_Brief_. Output each record below exactly, leaving any picture out of the copy.

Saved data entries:
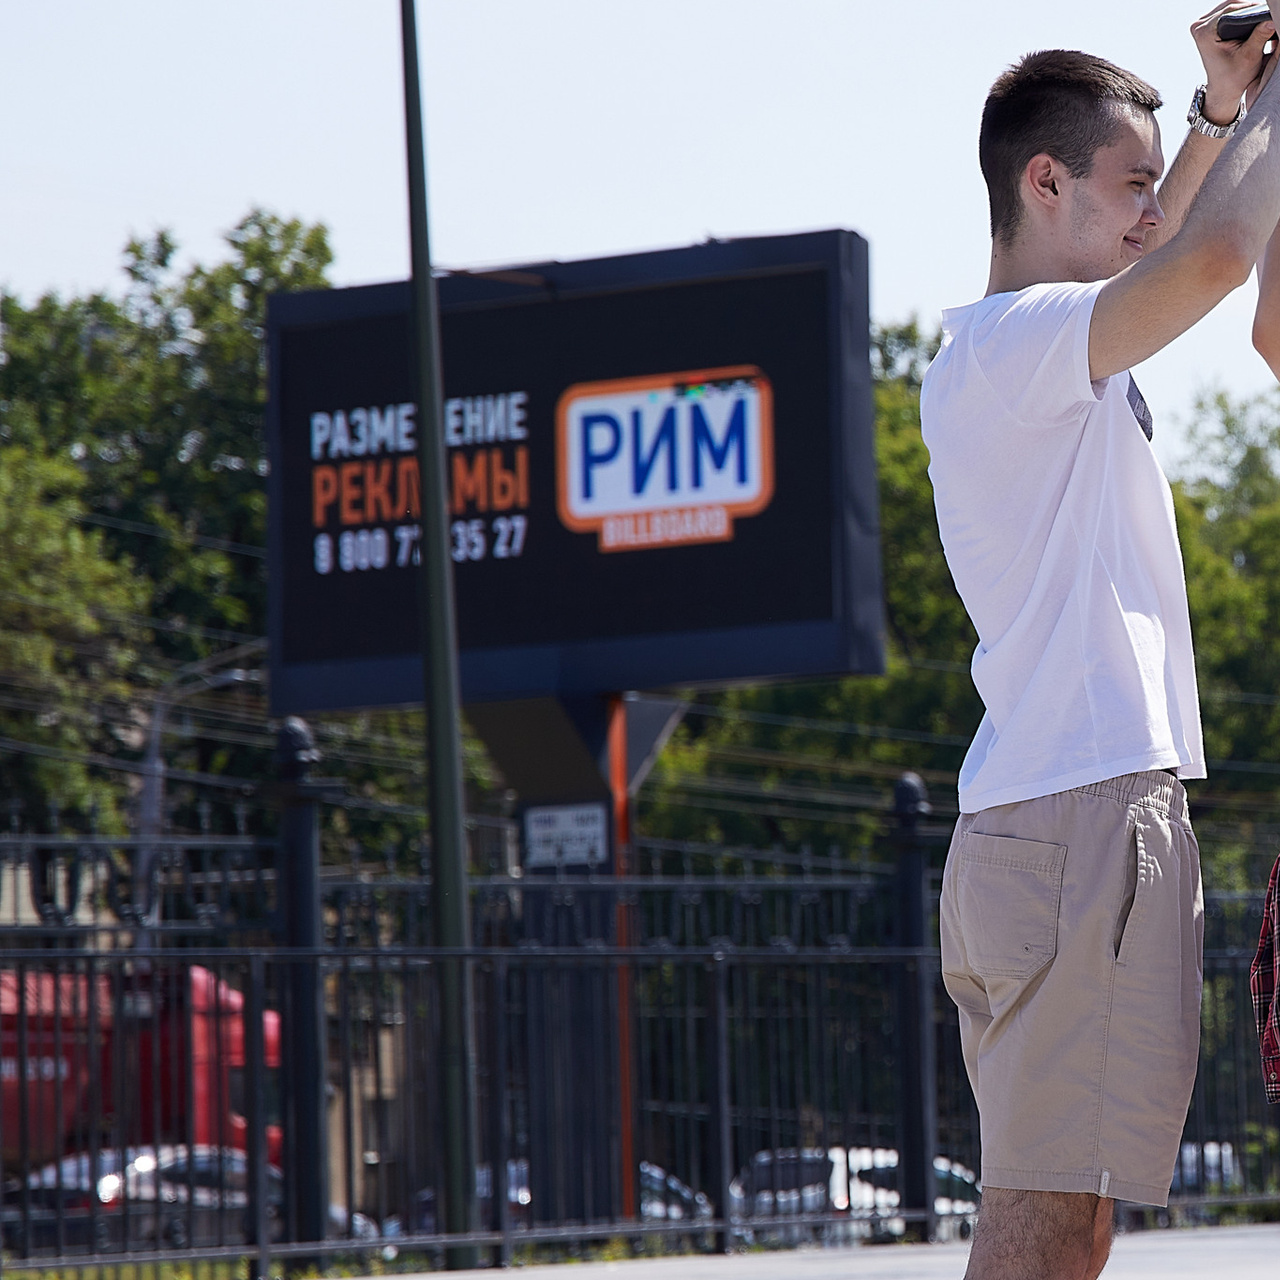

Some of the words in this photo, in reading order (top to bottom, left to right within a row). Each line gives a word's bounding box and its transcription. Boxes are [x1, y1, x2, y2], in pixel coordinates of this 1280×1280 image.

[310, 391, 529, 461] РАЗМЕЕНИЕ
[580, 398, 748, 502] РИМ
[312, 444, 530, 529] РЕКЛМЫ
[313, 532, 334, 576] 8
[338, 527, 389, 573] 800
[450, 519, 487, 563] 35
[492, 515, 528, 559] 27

_Your response_.
Some of the words in this photo, in reading order (top to bottom, left to right within a row). Each line gives a word's bounding box and its transcription. Boxes are [x1, y1, x2, y2], in pixel coordinates of this 1280×1280 image.

[310, 391, 529, 461] РАЗМЕЕНИЕ
[580, 398, 748, 502] РИМ
[312, 444, 530, 529] РЕКЛМЫ
[313, 532, 334, 576] 8
[338, 527, 389, 573] 800
[450, 519, 487, 563] 35
[492, 515, 528, 559] 27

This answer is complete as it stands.